▸ Supplied data:
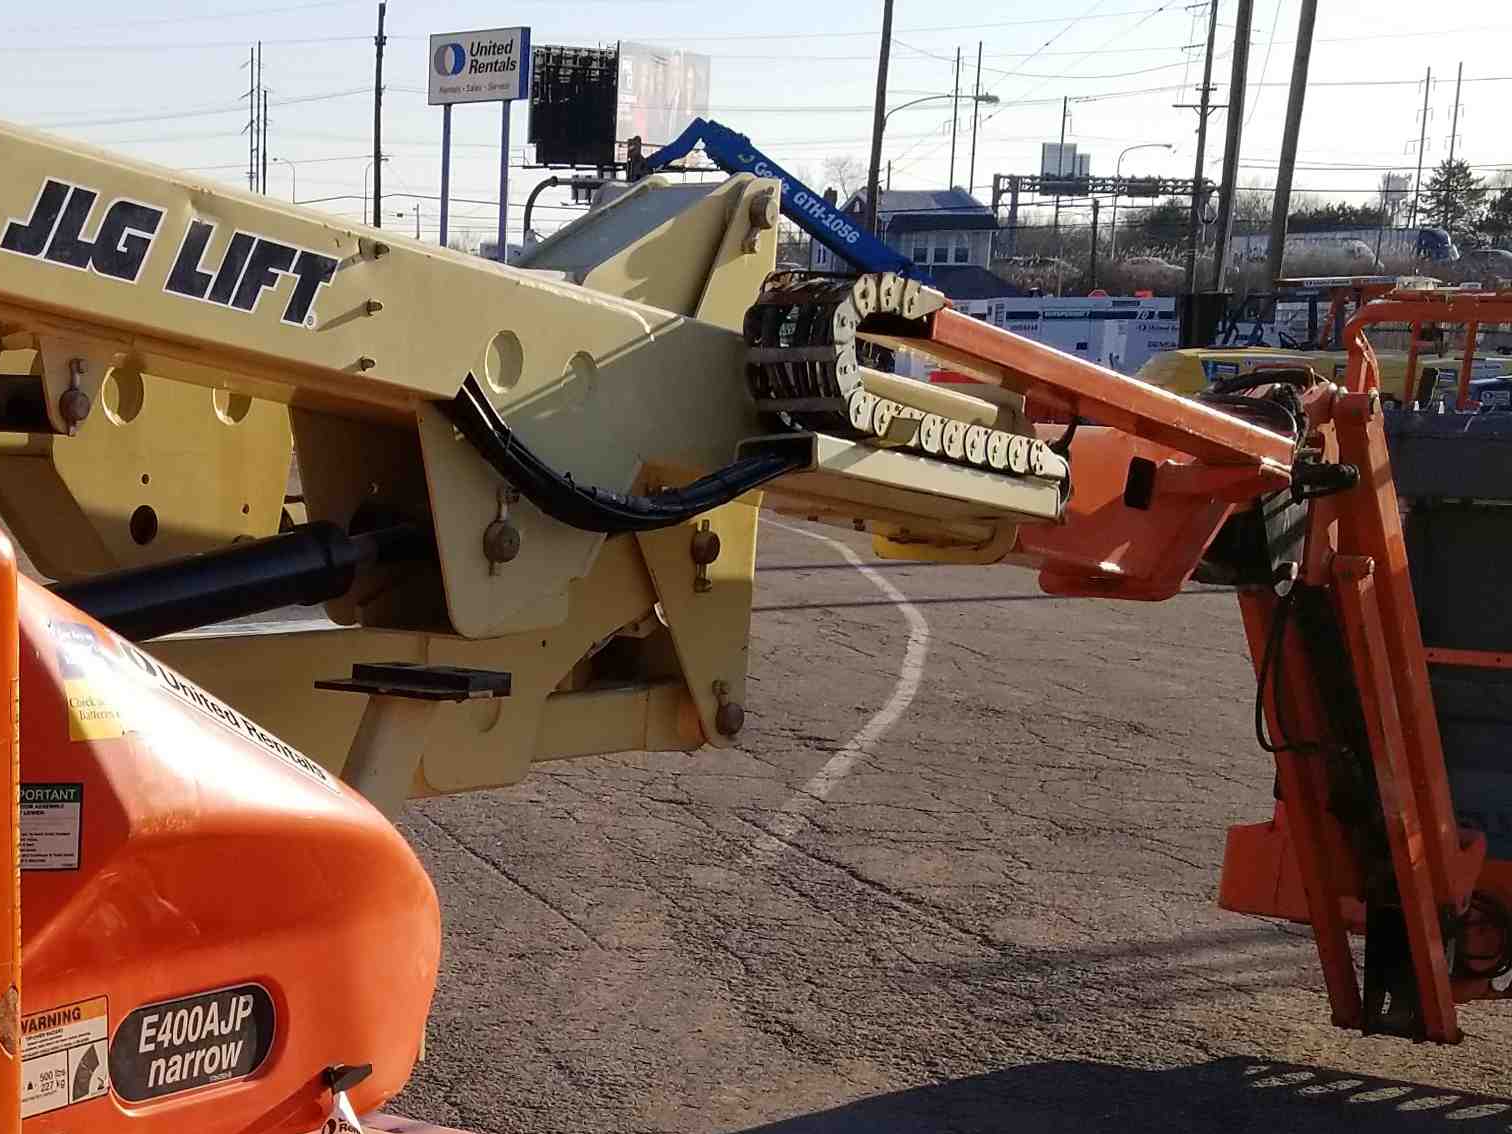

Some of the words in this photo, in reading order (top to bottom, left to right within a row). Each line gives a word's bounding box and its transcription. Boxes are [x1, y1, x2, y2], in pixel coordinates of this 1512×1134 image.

[468, 57, 517, 75] Rentals
[469, 39, 514, 57] United
[793, 191, 860, 244] GTH-1056
[163, 216, 342, 327] LIFT
[156, 664, 241, 729] United
[241, 716, 327, 781] Rentals
[138, 994, 254, 1054] E400AJP
[147, 1039, 243, 1088] narrow
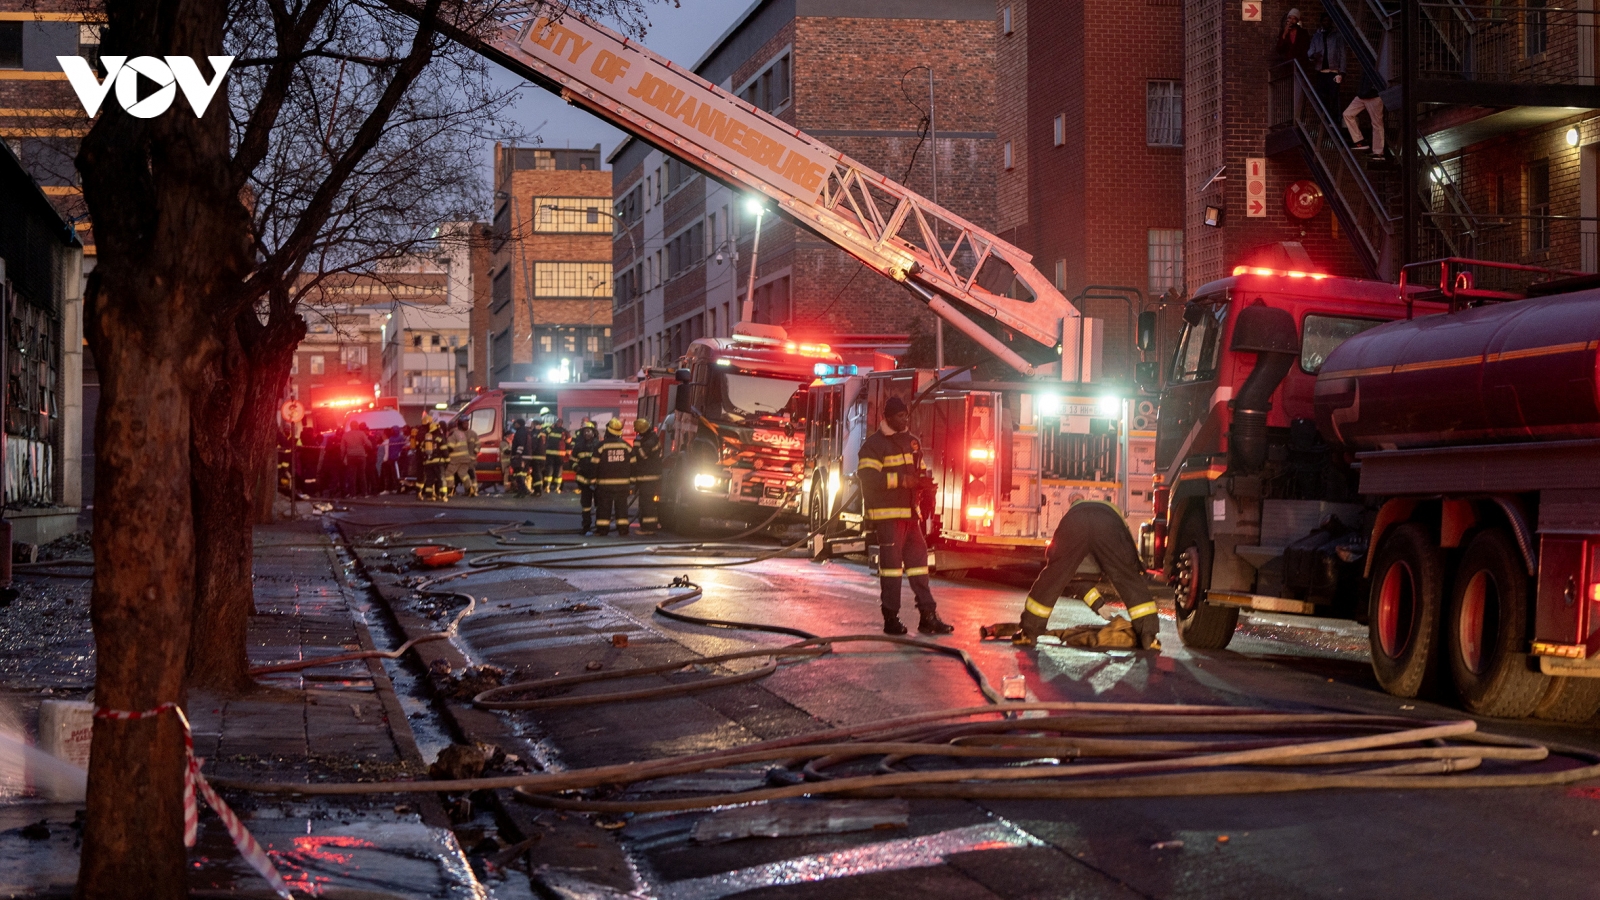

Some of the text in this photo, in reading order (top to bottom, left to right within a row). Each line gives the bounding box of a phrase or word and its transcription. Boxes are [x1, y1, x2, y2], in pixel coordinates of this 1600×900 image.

[530, 16, 827, 194] CITY OF JOHANNESBURG
[752, 431, 801, 448] SCANIA
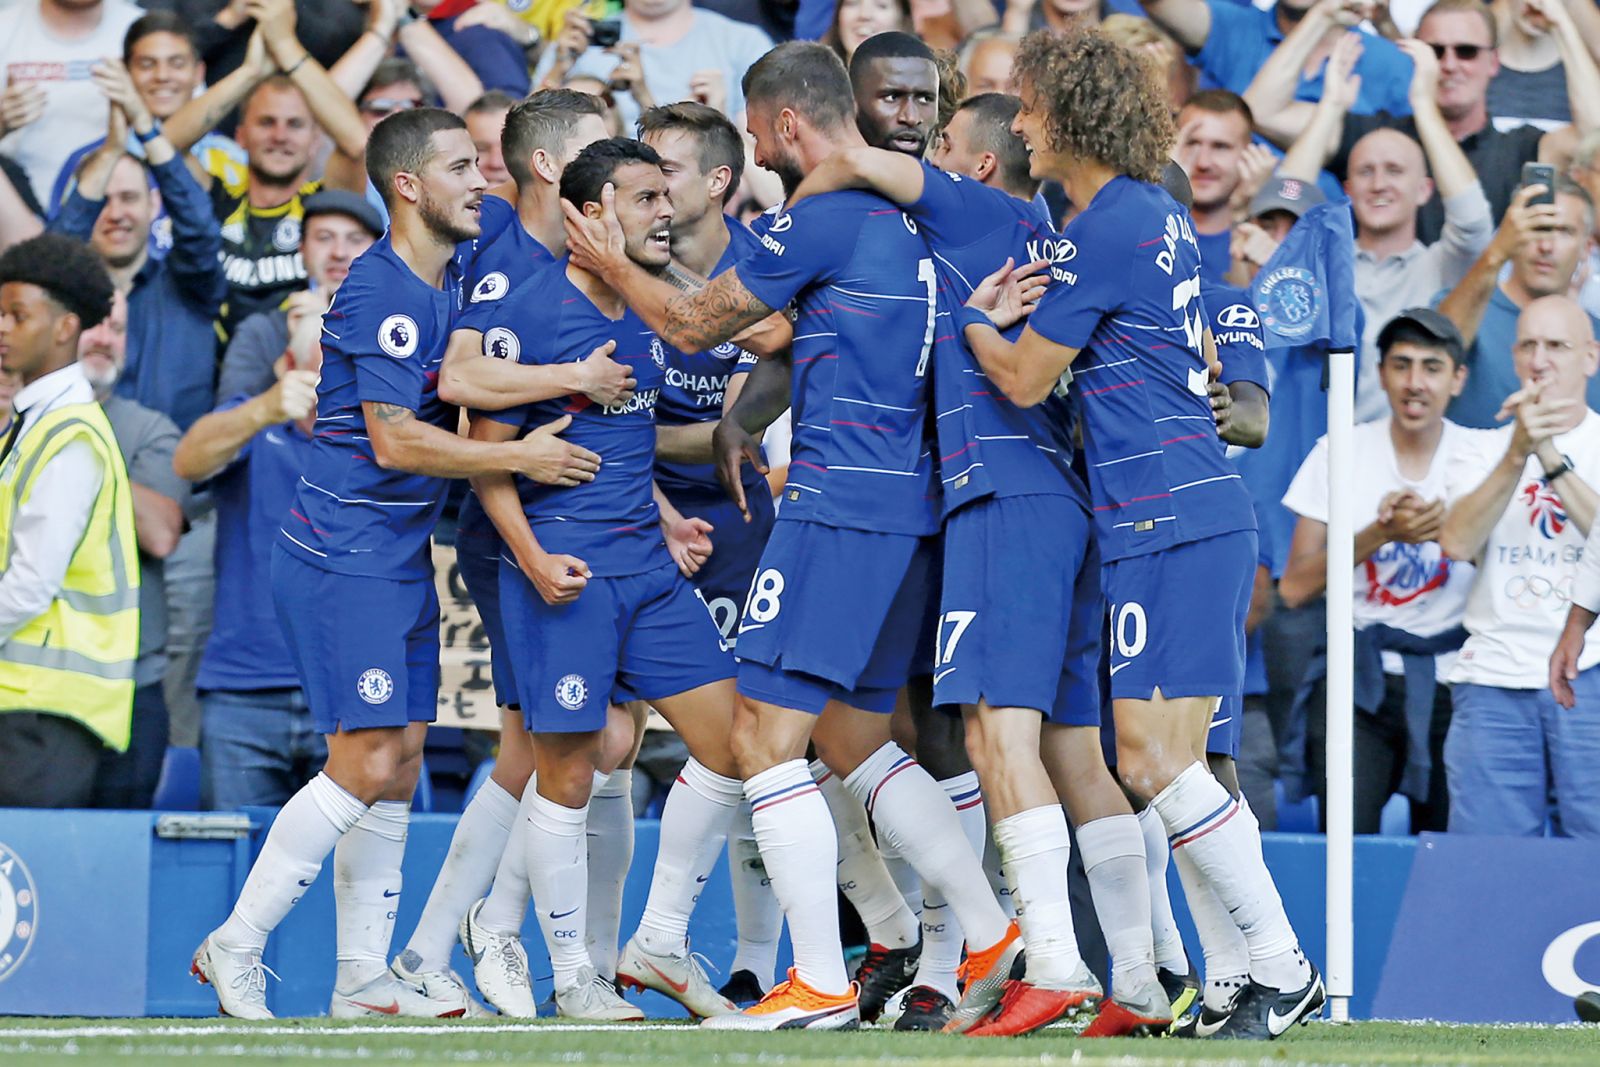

▸ What to produce: Quote in full the listing given above; the images are to be left out.

▸ Finished exercise:
Some of the words in this photo, in reading order (top to bottom, left to right within a row). Each line gives a word's bounding box and its transcription. Boxes are [x1, y1, x2, y2], in pixel coordinates of this 1512×1134 image.

[468, 57, 517, 75] Rentals
[469, 39, 514, 57] United
[793, 191, 860, 244] GTH-1056
[163, 216, 342, 327] LIFT
[156, 664, 241, 729] United
[241, 716, 327, 781] Rentals
[138, 994, 254, 1054] E400AJP
[147, 1039, 243, 1088] narrow

Some of the text in this photo, in reading order (top to bottom, left to right within a row). Each line gives the bounding box of a phrase or word and its transcription. Boxes are [x1, y1, x2, y2], in pixel coordinates of this 1600×900 image.

[530, 16, 827, 194] CITY OF JOHANNESBURG
[752, 431, 801, 448] SCANIA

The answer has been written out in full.